Electric Ballroom, Camden | February 11th
Of Conor Oberst’s many musical factions, Desaparecidos pack the most immediate punch. Even compared to the anguished yells and trembling whispers showcased on Bright Eyes’ most emotive material, the ferocious bite of ironically-titled The Happiest Place On Earth signals the beginning of a set that’s post-hardcore proper; coarse, frantic, unyieldingly tight.
Until last year, these songs were a nostalgic memory for the majority of early millennium basement show dwellers who presently pack out the Electric Ballroom. No wonder the giddy thrash of Mañana gets such an impassioned reaction; every song plucked from defining 2002 LP Read Music/Speak Spanish feels like a rare, raucous luxury, a wistful resurrection of genuinely justified teenage angst.
Oberst is impressive as he belts out anti-political lyrics through tormented vocal cords, although a tuned-down version of Man and Wife (Financial Planning) doesn’t go unnoticed – his is a raggedly raw projection that leaves listeners commiserating for the poor bastard who felt strongly enough to scream that much in a recording studio, let alone every night on a sweltering foreign stage. Regardless, hearing such an iconic voice recreate classic ‘fuck the state’ anthems like Mall of America and Greater Omaha so accurately is a unique joy; the 32-year-old retains his relentless delivery, despite dressing like he’s just been dragged through Camden Market in a whirl of shitty chain wallets and £1 bandanas (he almost definitely has).
Elsewhere, Desaparecidos are an electrified force of guitar fuzz, rattling snares and overdriven bass amps – guitarist Denver Dalley is particularly impressive as he navigates distant frets atop Ian McElroy’s whirring synth attack.

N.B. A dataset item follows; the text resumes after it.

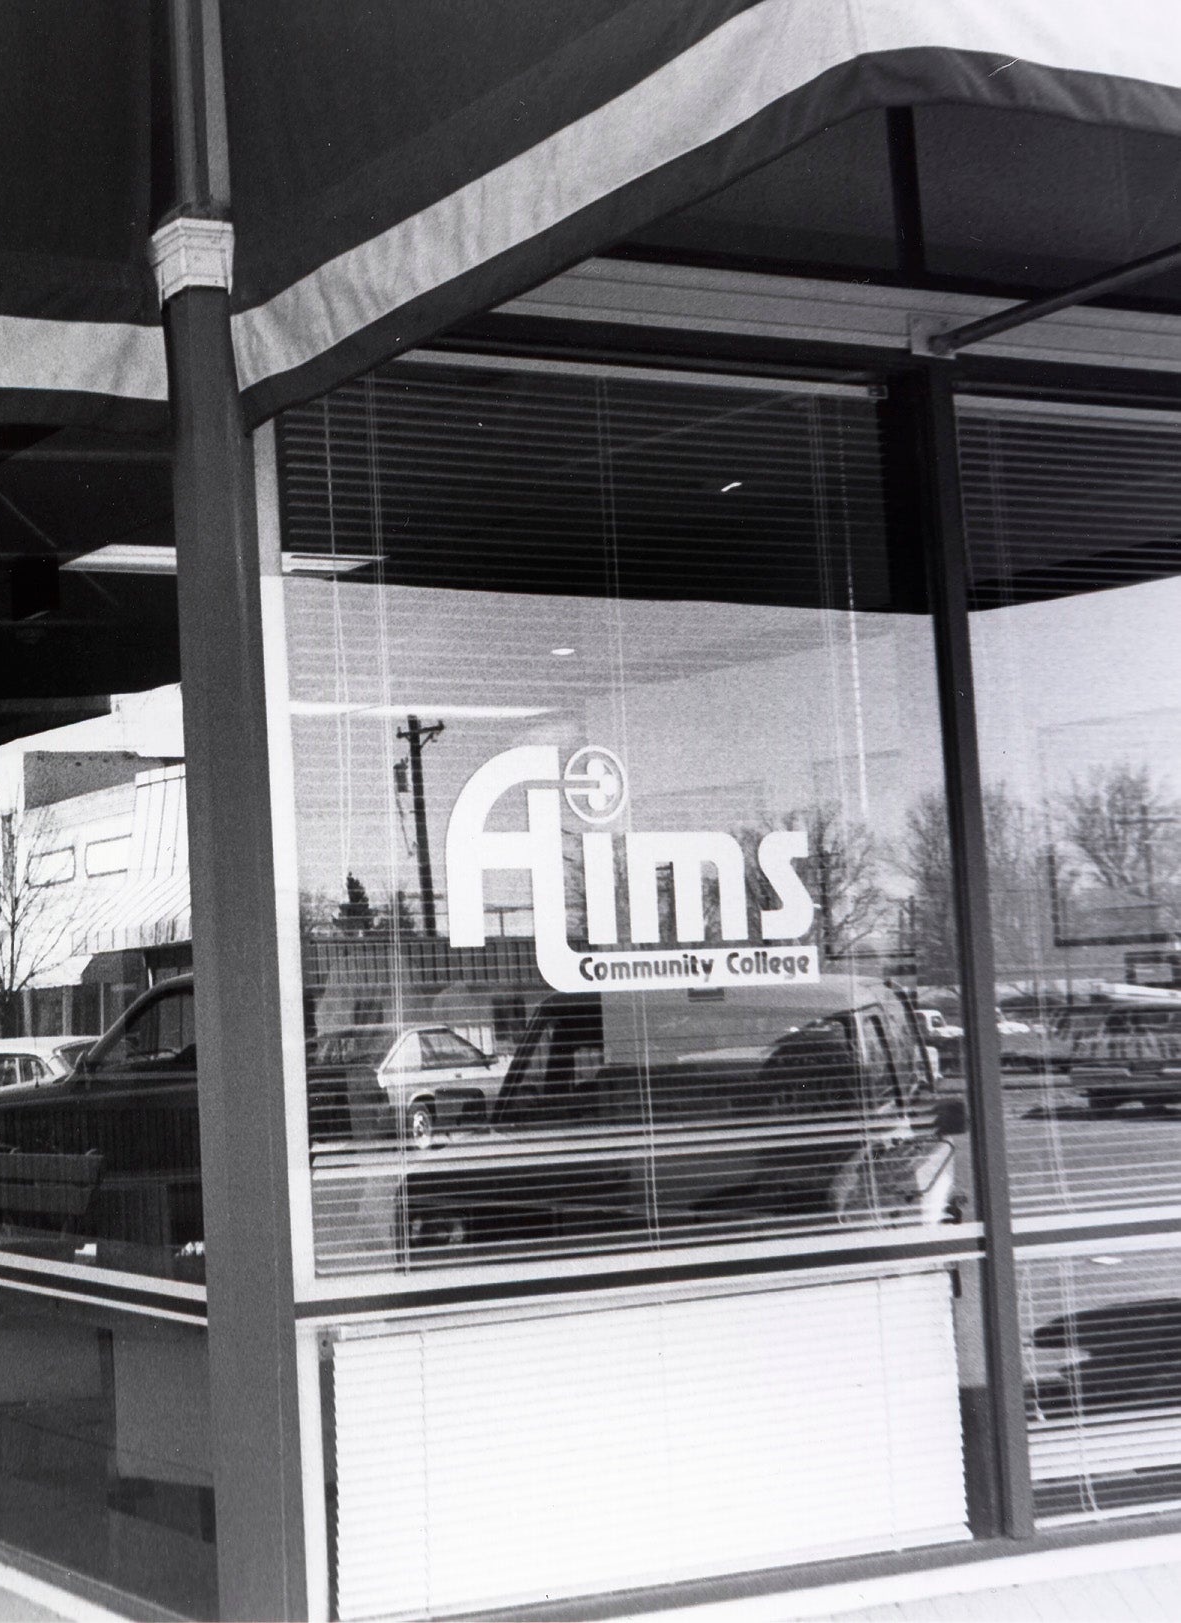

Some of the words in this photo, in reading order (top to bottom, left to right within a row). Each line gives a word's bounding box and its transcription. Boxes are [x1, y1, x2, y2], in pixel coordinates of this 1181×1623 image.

The band’s newer songs strike down upon current affairs with ruthless lyrical fire – before MariKKKopa, the band suggests that lawmakers in Arizona should be ‘hung by their fucking necks’ before bursting into an outraged anthem of political injustice. Anonymous is a bit corny in its ‘You can’t stop us!’ chorus and ‘We are a legion!’ verse, feeling scarily close to the cultish antics of those over-emotional twats in 30 Seconds To Mars. Luckily, the music itself is crude as ever – rest assured that any comeback album should be devoid of conceptual wankery and U2-ish ‘epics’.
After a twin encore of a ravenously received Clash cover (Spanish Bombs) and album-closer Hole in One, we’re cast outside exhausted; invigorated. The reunion of Desaparecidos hasn’t killed the fervent aggression that marked them out as first class in 2002. In an age when even DIY punkers seek quality production values, it’s a thrill to see such experienced musicians crash the party, complete with battered guitars and broken cymbals.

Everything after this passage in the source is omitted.